先说结论,当子cgroup throttle的时候不会影响父cgroup,但如果父cgroup发生throttle,会影响子cgroup
进程是什么
struct task_struct {
struct thread_info thread_info;
}
/*
* how to get the current stack pointer in C
*/
register unsigned long current_stack_pointer asm ("sp");
/*
* how to get the thread information struct from C
*/
static inline struct thread_info *current_thread_info(void) __attribute_const__;
static inline struct thread_info *current_thread_info(void)
{
return (struct thread_info *)
(current_stack_pointer & ~(THREAD_SIZE - 1));
}
current macro 利用 thread_info 来获取当前执行的task,其实现和arch有关,例如在arm中,寄存器 sp 中存的是current_stack_pointer, 通过sp计算出栈顶,栈顶的位置就是存的当前task_struct的thread_info,
struct task_struct;
DECLARE_PER_CPU(struct task_struct *, current_task);
static __always_inline struct task_struct *get_current(void)
{
return this_cpu_read_stable(current_task);
}
#define current get_current()
#include <asm/current.h>
#define current_thread_info() ((struct thread_info *)current)
#endif
struct thread_info {
unsigned long flags; /* low level flags */
u32 status; /* thread synchronous flags */
};
x86中通过DECLARE_PRE_CPU 宏通定义PER_CPU变量,再通过this_cpu_read_stable 从PER_CPU变量读取
struct task_struct {
...
const struct sched_class *sched_class;
struct sched_entity se;
#ifdef CONFIG_CGROUP_SCHED
struct task_group *sched_task_group;
#endif
}
sched_class 代表调度类型,有fair rt idle, 我们通常说的cfs调度就是 fair_sched_class, sched_entity是调度算法中很重要的一个结构体, sched_entity可以是一个task_struct, 也可以使task_group
最后task_group, 公平调度保证每个task_struct在一个调度周期内,都能得到相同的调度,但如果2个进程,A进程clone了3个线程,B进程clone了2个线程,那A进程就要比B进程调度的时间要长,这样对B进程显然不公平了,所以出现了cgroup,通过cgroup可以让两个进程在2个不同的task_group.
进程的诞生
进程通过fork创建,fork调用do_fork函数创建新的进程,fork函数主要调用的是copy_process函数
static __latent_entropy struct task_struct *copy_process(
unsigned long clone_flags,
unsigned long stack_start,
unsigned long stack_size,
int __user *child_tidptr,
struct pid *pid,
int trace,
unsigned long tls,
int node)
{
这个函数首先会做clone_flags的校验,比如不允许CLONE_NEWNS和CLONE_FS一起设置,因为CLONE_FS表示父子进程共享文件系统,但是CLONE_NEWNS则是一个新的netns
if (signal_pending(current))
goto fork_out;
如果当前进程存在pending signal, 则退出fork,也就是说如果在fork过程中,进程收到signal,则会退出fork
struct task_struct *dup_task_struct(current, node) {
...
clear_tsk_need_resched(tsk);
}
current代表当前parent进程,node代表 numa节点,如果node传入-1则代表不是numa,这个函数主要做的就是生成struct task_struct 结构体,并将父进程的内容复制到子进程中,再通过clear_tsk_need_resched将thread_info中的TIF_NEED_RESCHED flag清除掉,因为新进程还未诞生,不希望现在被调度。

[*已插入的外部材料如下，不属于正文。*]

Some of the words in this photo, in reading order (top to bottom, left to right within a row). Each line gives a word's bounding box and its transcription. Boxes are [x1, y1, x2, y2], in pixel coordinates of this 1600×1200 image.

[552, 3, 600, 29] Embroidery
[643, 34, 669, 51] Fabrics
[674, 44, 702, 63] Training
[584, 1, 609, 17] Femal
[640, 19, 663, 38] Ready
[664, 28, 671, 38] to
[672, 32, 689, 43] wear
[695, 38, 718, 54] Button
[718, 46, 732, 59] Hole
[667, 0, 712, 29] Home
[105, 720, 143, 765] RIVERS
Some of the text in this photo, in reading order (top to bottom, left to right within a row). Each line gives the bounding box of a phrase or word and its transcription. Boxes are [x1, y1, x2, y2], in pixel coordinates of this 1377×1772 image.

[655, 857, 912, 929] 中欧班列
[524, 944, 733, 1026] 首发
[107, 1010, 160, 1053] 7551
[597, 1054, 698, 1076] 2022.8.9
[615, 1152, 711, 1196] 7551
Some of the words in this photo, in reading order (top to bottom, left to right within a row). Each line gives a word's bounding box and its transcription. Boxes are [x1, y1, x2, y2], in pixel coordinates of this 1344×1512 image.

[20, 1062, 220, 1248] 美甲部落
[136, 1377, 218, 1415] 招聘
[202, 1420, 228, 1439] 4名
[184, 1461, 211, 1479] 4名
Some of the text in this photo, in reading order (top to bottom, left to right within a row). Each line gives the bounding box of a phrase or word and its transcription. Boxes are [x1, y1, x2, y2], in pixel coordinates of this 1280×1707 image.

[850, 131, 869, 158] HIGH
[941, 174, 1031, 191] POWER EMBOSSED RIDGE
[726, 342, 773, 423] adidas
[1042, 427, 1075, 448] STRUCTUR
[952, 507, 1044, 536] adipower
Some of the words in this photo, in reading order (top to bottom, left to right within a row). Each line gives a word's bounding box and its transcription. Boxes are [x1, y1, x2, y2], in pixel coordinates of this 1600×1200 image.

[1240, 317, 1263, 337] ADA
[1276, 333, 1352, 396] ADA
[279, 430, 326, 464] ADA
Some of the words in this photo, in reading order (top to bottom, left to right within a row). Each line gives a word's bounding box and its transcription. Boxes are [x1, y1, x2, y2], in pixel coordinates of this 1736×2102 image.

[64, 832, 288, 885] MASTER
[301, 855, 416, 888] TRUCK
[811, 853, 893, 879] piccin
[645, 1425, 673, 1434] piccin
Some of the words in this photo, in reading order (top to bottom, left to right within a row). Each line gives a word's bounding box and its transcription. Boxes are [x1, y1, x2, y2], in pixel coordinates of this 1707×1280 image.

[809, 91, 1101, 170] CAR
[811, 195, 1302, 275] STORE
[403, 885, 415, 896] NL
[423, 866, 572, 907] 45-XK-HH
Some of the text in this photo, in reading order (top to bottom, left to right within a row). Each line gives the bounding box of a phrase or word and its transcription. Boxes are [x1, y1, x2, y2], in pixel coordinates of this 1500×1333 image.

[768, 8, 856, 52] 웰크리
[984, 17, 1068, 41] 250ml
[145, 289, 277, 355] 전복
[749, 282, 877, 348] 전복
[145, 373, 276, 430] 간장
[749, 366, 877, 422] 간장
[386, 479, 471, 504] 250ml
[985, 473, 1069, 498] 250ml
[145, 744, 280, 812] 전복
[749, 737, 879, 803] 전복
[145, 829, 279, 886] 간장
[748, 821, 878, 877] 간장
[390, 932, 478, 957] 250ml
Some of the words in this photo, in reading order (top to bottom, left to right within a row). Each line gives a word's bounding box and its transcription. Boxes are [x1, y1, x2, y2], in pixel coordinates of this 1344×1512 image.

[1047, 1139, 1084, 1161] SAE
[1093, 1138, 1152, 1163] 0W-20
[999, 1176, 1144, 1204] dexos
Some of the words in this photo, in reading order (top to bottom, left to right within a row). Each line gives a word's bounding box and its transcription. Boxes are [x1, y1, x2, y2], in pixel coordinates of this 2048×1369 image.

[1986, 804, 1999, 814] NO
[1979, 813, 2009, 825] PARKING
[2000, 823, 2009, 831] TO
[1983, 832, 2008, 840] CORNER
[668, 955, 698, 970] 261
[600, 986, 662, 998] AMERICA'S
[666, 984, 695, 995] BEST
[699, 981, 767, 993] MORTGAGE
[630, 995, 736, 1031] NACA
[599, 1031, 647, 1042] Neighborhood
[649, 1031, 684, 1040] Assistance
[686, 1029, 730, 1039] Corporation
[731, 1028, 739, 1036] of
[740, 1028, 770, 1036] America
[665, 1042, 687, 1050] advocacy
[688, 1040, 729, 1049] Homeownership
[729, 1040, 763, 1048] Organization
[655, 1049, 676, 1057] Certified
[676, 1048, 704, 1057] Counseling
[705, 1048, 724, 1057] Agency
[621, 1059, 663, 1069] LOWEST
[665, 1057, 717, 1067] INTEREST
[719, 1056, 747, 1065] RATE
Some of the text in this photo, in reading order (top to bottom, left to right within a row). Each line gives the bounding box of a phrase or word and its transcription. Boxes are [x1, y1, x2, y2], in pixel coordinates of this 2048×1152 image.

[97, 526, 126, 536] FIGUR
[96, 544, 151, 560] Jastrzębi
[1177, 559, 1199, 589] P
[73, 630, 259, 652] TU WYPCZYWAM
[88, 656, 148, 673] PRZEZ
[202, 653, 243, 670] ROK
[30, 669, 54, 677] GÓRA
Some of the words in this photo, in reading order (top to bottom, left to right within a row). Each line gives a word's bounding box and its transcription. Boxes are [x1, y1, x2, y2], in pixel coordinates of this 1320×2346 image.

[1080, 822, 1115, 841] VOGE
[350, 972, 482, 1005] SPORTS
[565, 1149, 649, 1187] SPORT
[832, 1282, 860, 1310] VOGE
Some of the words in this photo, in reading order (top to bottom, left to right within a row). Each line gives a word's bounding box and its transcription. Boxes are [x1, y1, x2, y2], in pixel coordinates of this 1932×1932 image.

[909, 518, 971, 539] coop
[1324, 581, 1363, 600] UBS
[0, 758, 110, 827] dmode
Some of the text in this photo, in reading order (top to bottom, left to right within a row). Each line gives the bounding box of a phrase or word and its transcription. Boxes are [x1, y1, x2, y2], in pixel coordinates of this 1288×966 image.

接着回到clone_process, 然后判断用户的进程数是否超过例如rlimit,如果用户不是root,并且没有CAP_SYS_RESOURCE 以及 CAP_SYS_ADMIN 那就无法fork,也就是说,root用户可以超过rlimit的限制
接下来判断线程数量是否超过max_threads, 如果超过了也会直接退出
if (nr_threads >= max_threads)
goto bad_fork_cleanup_count;
然后设置task-flags |= PF_FORKNOEXEC; 表示这个进程还不能执行,然后初始化新晋task的子进程链表以及兄弟进程链表, 以及一系列task字段的初始化。
p->flags |= PF_FORKNOEXEC;
INIT_LIST_HEAD(&p->children);
INIT_LIST_HEAD(&p->sibling);
接下去跳到 sched_fork 函数
retval = sched_fork(clone_flags, p);
if (retval)
goto bad_fork_cleanup_policy;
int sched_fork(unsigned long clone_flags, struct task_struct *p)
{
unsigned long flags;
__sched_fork(clone_flags, p);
/*
* We mark the process as NEW here. This guarantees that
* nobody will actually run it, and a signal or other external
* event cannot wake it up and insert it on the runqueue either.
*/
p->state = TASK_NEW;
...
}
__sched_fork 初始化struct sched_entity结构体,这个结构体是进程调度相关,每个进程,线程都是一个调度实体,包括cgroup也是
然后将task状态设置为TASK_NEW, 在之前的版本,这里就直接设置成TASK_RUNNING了,尽管task还没实际上running。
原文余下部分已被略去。